[Dataset entries]
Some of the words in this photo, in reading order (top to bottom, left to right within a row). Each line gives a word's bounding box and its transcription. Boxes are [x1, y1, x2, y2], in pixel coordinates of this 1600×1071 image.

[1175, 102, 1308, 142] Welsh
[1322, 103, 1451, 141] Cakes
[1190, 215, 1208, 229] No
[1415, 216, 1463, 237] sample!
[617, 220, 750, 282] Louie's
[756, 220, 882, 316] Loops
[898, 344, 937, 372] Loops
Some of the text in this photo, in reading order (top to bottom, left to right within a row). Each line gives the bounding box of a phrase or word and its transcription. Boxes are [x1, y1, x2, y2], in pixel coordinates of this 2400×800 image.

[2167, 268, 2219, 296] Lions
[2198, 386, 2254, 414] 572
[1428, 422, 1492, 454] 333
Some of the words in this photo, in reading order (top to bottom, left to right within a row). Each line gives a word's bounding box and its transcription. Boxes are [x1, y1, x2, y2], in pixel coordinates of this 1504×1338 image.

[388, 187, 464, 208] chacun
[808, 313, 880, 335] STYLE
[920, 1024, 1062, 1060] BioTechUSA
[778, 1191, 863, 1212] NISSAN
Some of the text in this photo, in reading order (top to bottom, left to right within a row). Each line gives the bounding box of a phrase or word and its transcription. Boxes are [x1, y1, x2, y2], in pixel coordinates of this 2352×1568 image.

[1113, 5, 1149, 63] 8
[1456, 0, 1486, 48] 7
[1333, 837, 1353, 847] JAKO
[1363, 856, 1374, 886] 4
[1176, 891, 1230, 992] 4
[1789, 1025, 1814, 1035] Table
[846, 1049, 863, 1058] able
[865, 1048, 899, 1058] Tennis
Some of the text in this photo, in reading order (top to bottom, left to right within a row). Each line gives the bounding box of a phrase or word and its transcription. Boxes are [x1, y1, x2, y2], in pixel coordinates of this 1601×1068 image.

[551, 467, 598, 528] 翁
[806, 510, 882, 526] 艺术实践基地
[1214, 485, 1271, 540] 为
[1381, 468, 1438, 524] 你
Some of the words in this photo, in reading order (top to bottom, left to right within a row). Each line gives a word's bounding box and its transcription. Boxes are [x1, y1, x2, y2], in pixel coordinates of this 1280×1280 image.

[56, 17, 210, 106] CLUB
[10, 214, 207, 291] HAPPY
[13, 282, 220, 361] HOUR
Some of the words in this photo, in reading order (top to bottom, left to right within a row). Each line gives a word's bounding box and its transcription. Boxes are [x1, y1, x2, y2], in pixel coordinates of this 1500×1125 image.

Task statement
From the line containing "this 1280×1280 image." down to the last line of the data above, copy every line exactly; leave out all other lines.

Expected answer
Some of the words in this photo, in reading order (top to bottom, left to right within a row). Each line gives a word's bounding box and its transcription. Boxes are [x1, y1, x2, y2], in pixel coordinates of this 1280×1280 image.

[56, 17, 210, 106] CLUB
[10, 214, 207, 291] HAPPY
[13, 282, 220, 361] HOUR
Some of the words in this photo, in reading order (top to bottom, left to right within a row). Each line gives a word's bounding box and its transcription. Boxes are [x1, y1, x2, y2], in pixel coordinates of this 1500×1125 image.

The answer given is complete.